Jan
23

Understanding Adam Clendening’s values and limitations

January 23, 2017, by

adam clendening

Outside of Dan Girardi, there is no one player that divides the Rangers fan base more than Adam Clendening. Opinions on Clendo seem to be at both extremes of the spectrum, with some thinking he should be given regular minutes and is a solid RD, while others think he’s useless. There seems to be very little grey area in this debate, but the grey area is the best area, since that’s where the truth lies.

Before really analyzing Clendo’s strengths and weaknesses, perhaps it’s best to review both sides of the discussion. Those that want him in the lineup regularly see his skating and puck moving abilities and relate that to a big need for the Rangers. Those that believe he is useless see the flaws in his gap control and coverages in the defensive zone. But the question that draws the most discussion is whether or not Clendo is an upgrade on Girardi and/or Kevin Klein.

First things first: Comparing Girardi to Clendo is a pointless exercise. Alain Vigneault is not going to play Clendo over Klein. That’s it. Case closed. Moving on.

Comparing Clendo to Klein, it’s important to understand usage. Clendo starts just 23% of his shifts in the defensive zone, while Klein gets 30% (this amounts to 2-3 extra shifts in the defensive zone for Klein per game). However they both have marginal difference in quality of competition faced in all three measurements of competition faced:

  • CF.QOC: Klein – 49.60, Clendo – 49.19
  • TOI.QOC: Klein – 28.73, Clendo – 29.72
  • xGF.TOC: Klein – 49.29, Clendo – 49.58

So I think we can all agree that the deployment between Klein and Clendo is basically the same. Clendo is certainly a better skater and puck mover than Klein, but Klein has a reputation of being better in the defensive zone. This year he’s been pretty terrible, so let’s say that at his best, he’s on par with Clendo in terms of overall defensive zone play.

If we can agree there –and I think saying he’s been on par with Clendo is being generous– then we can compare their production without any fear of context skewing results.

Clendo Klein
CF% 56.83% 48.88%
CF/60 60.73 56.11
CA/60 46.13 58.68
xGF% 57.70% 49.03%
GF% 60.00% 49.18%

So Clendo, despite being a “defensive liability” and having similar deployment to Klein, outproduces Klein in every single meaningful stat. It’s not even close at this point. Clendo certainly isn’t perfect, but at this point he’s a very big upgrade on Klein, even with the miscues in the defensive zone

The numbers give much more value to Clendo than Klein, and comparing them directly shows that even with same deployment and usage, Clendo is producing much better results. Perhaps the most surprising is that Clendo actually limits shots against at a much better rate than Klein. So if Clendo does Klein’s job better than him, shouldn’t he be playing?
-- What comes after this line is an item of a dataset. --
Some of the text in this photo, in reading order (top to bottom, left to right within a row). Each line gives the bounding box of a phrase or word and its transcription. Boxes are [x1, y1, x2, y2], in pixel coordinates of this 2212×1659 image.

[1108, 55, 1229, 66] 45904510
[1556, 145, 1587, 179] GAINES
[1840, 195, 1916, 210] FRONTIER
Every little bit of improvement helps the Rangers on the blue line this season. It’s clear Klein can’t cut it anymore. So if Clendo can do the same job defensively while bringing a much needed puck moving skill set to the blue line, what do the Rangers have to lose?

*All stats are at 5v5, courtesy of corsica.hockey.

"Understanding Adam Clendening's values and limitations", 5 out of 5 based on 6 ratings.
Categories : Players

55 comments

  1. Richter1994 says:

    Dave, this is an appropriate article but inappropriate sample size. I mean Clendening should have been played earlier in the year on a regular basis to see what he has. In concept, he fits AV’s system to a “T” and yet he doesn’t play him.

    For the millionth time, it’s not about how good or bad Clendening is but how God awful KK and G are. AT LEAST Clendening can skate and move the puck, something neither G nor KK can do, which in itself is a reason to play Adam.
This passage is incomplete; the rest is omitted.